Our route forced us up and over a number of ridgelines, some of which were steep and loose, requiring careful footing and some on-the-fly route planning. More than once I was reminded of my trip mantra: "Don't follow Steve down a hill!" I'm a slow learner.
Finally, we found ourselves at the base of the mesa on which our vehicles were parked. There was no easy way of going up, so we just charged on up the slope. My goal was simply to get to the top as quickly as possible. I couldn't resist stopping a few times to look back over the terrain we had just spent the last few days in. It's hard to tear your eyes away from it.
Back on top of the mesa, it was a short walk to our vehicles, where we happily shrugged our packs off then went into the Painted Desert Inn to check out and let the park know we made it out alive. While I was in the restroom, Steve sneakily bought a magnet of that Model T Ford we found, which now hangs as a fun reminder of the trip on my fridge. While in the parking lot preparing to leave, I saw a grizzled biker-looking guy get into a shiny new Chrysler station wagon of some kind. I always enjoy incongruousness.
Steve needed to scoot on back to Santa Fe, but I had a more leisurely trip home planned. I wanted to spend some more time in the Park and visit the places we didn't have time to on the way in. My first stop was Puerco Pueblo, some ruins and a petroglyph site near the Puerco River. The biker guy driving the station wagon was there too, and it seemed I'd be following him south through the park for the day.
My next stop was at Newspaper Rock, another petroglyph site. Sure enough, the biker guy was there too, but this time I swung the long way around my truck to say hi.
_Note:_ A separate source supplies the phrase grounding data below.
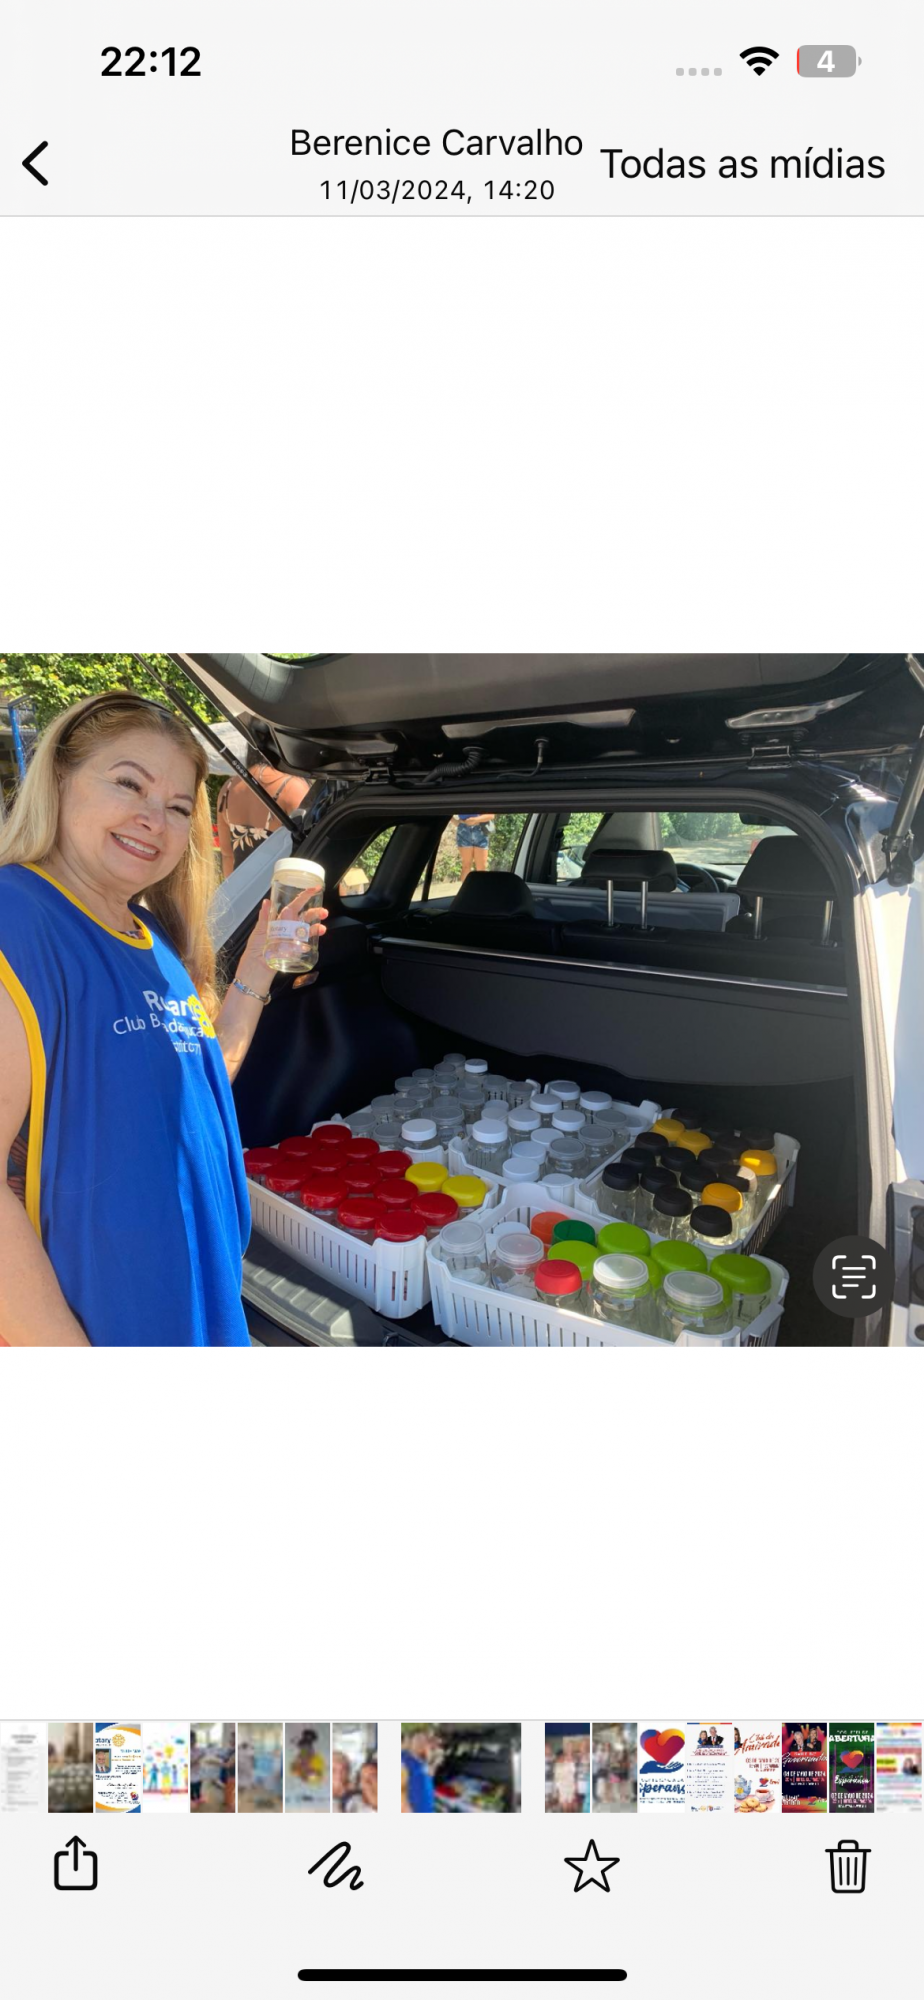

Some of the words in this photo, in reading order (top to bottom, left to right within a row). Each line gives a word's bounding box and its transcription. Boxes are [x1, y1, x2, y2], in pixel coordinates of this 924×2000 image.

[101, 47, 201, 76] 22:12
[817, 51, 835, 72] 4
[291, 128, 431, 156] Berenice
[442, 128, 583, 157] Carvalho
[600, 148, 706, 179] Todas
[719, 156, 758, 179] as
[770, 147, 886, 179] mídias
[320, 180, 474, 205] 11/03/2024,
[484, 180, 555, 201] 14:20
[142, 990, 199, 1021] Rary
[113, 1015, 146, 1035] Club
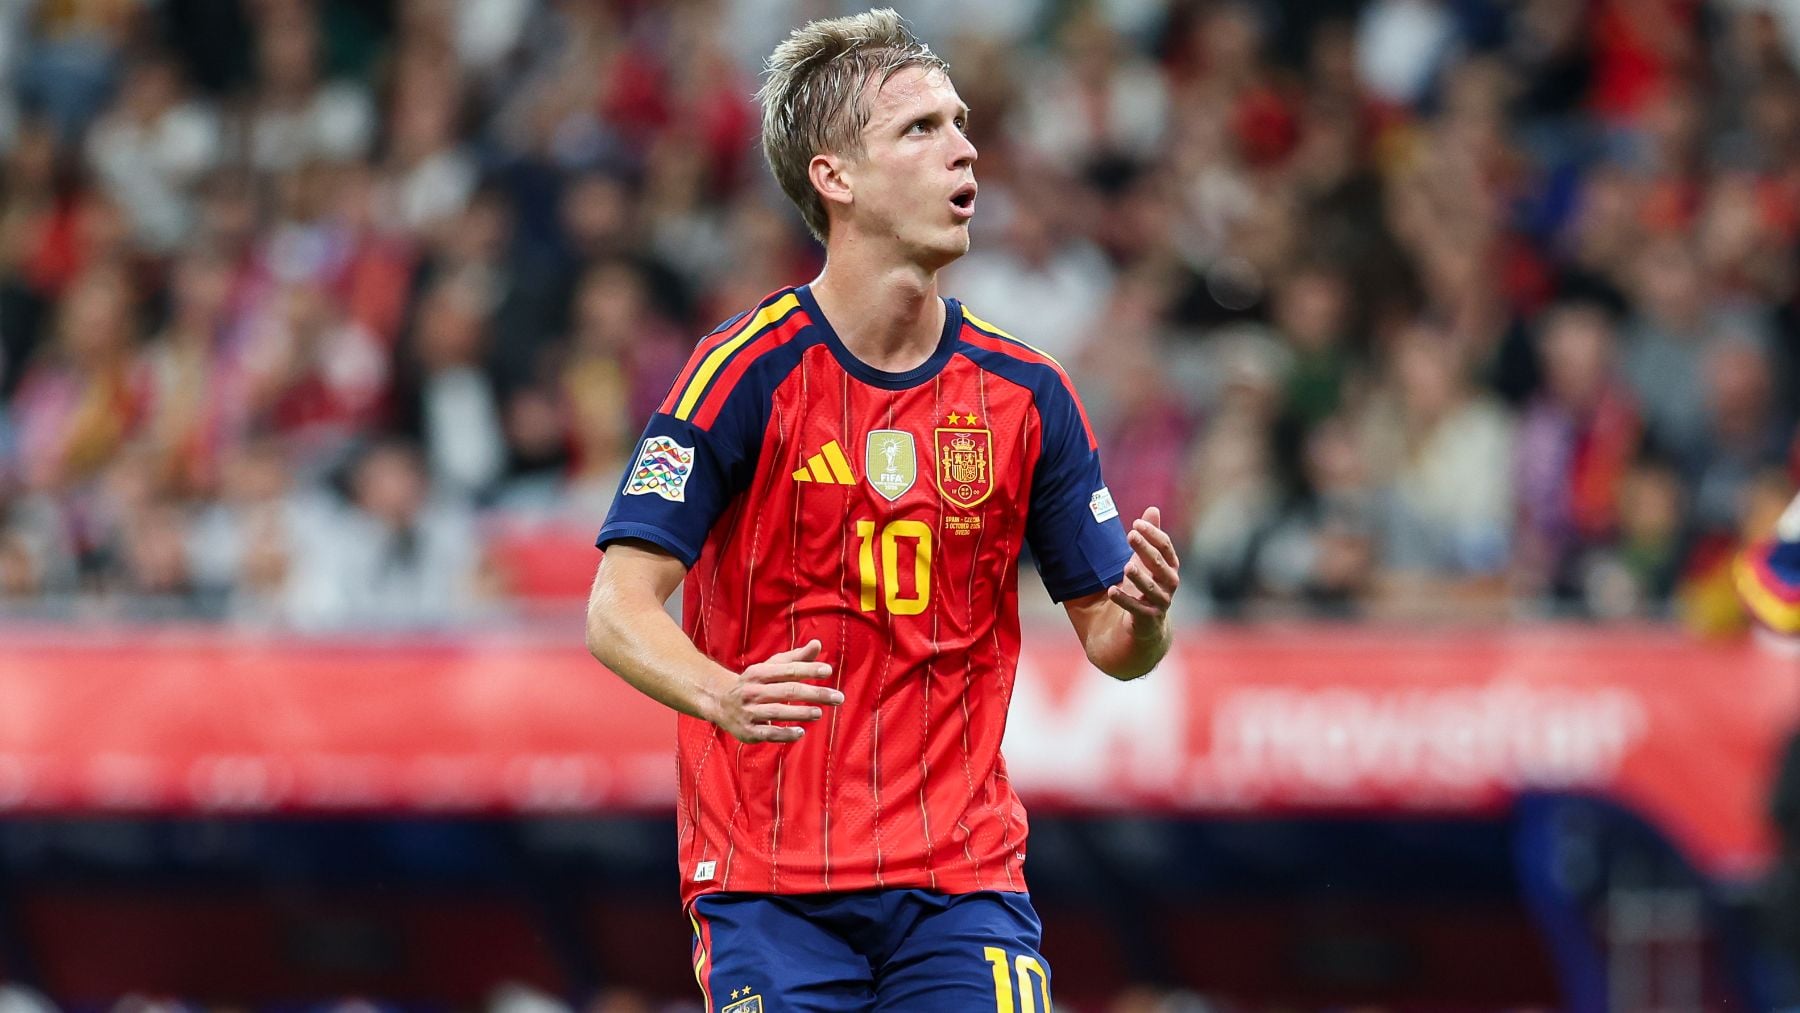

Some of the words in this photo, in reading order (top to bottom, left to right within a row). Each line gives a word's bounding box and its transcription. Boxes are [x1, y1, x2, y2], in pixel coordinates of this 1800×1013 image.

[880, 473, 902, 483] FIFA
[856, 519, 932, 615] 10
[983, 946, 1052, 1013] 10
He beat me to the punch, and we struck up a conversation. Turns out his name was Ron. Ron is a Vietnam Vet, Airborne, from Pennsylvania on a long road trip to visit a buddy in Phoenix. We talked about where we were, where we'd been, where to go, the politics of war, and feeding ravens. He had seen Steve and I hiking out of the Painted Desert and asked about our backpacking trip as well. We stood there in the parking lot, biker and backpacker, chatting for 20-30 minutes before parting ways, he to the next stop on the map, and me to the overlook for Newspaper Rock. I knew I'd see him again soon. I hoped to see him again soon. Somehow this Vet from the other side of the country seemed as much a part of this place as the petrified logs themselves. Certainly, his admiration of the place matched anyone's.
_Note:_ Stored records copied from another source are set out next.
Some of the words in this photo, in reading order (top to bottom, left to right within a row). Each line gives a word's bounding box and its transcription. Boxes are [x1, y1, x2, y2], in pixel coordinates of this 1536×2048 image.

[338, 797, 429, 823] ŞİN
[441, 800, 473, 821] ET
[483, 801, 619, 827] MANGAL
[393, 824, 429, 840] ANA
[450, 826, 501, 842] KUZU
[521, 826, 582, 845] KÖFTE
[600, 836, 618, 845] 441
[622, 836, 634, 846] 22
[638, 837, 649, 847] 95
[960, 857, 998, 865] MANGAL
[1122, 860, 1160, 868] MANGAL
The petroglyphs at Newspaper Rock were many and nice, but too far away from the look-out point for great appreciation, so I moved on, stopping briefly at the Teepees. I almost decided to pass by the road to Blue Mesa, but knew that Ron would have gone there, so turned left onto the spur road and headed east. I'm glad I did. Blue Mesa is well worth the side trip. Ron was at the first lookout when I arrived, just preparing to leave. When I got out to take some pictures, he got back out of his car and we ended up within easy ear shot of one another. We talked some more, about the place, and about his life, his being a "greaser" as a kid, and about going to Vietnam. I pointed geological features out to him that he hadn't noticed, or didn't know to look for.
We parted once more, fully expecting to see each other again. I went for a little hike on a short loop trail that takes you down into a small canyon that is really nice, he went moving on. I slowly made my way around the loop trail with a feeling like I was home. No, more like I was connected. Attached to the space in a tangible way.
I also kept an eye out for Ron, hoping to see him at one of the overlooks into the canyon I was in, but our paths diverged. Ron and I could have scarcely been more different from one another in so many ways. We each saw different things as we looked out upon the same landscape. I know this, though I don't how. But this place bound us together. We both came searching for nothing in particular. Each found nothing in particular. Except perhaps that connection, not only to the land but in some way, to each other.
The Petrified Forest National Park and the Painted Desert Wilderness Area have their amazing petrified logs, certainly, and their wondrous canvasses of color, but for me, they are Steve, tiny pebble platforms, evaporites, Ron, windforms, and even a little bit me on hands and knees wide-eyed in wonder.
After Blue Mesa, I figured I'd better pick up the pace and get to my parents house so I could help them put lights up around the house, and still get home at a reasonable hour. So I beat a track out of the park, mildly surprised that my time amongst the heavily trammeled portions of the park proved nearly as magical as the time spent far away in space or time than any other human footprint. That, perhaps, is the truest measure of the place.
And to you, Ron, wherever you are . . . Peace.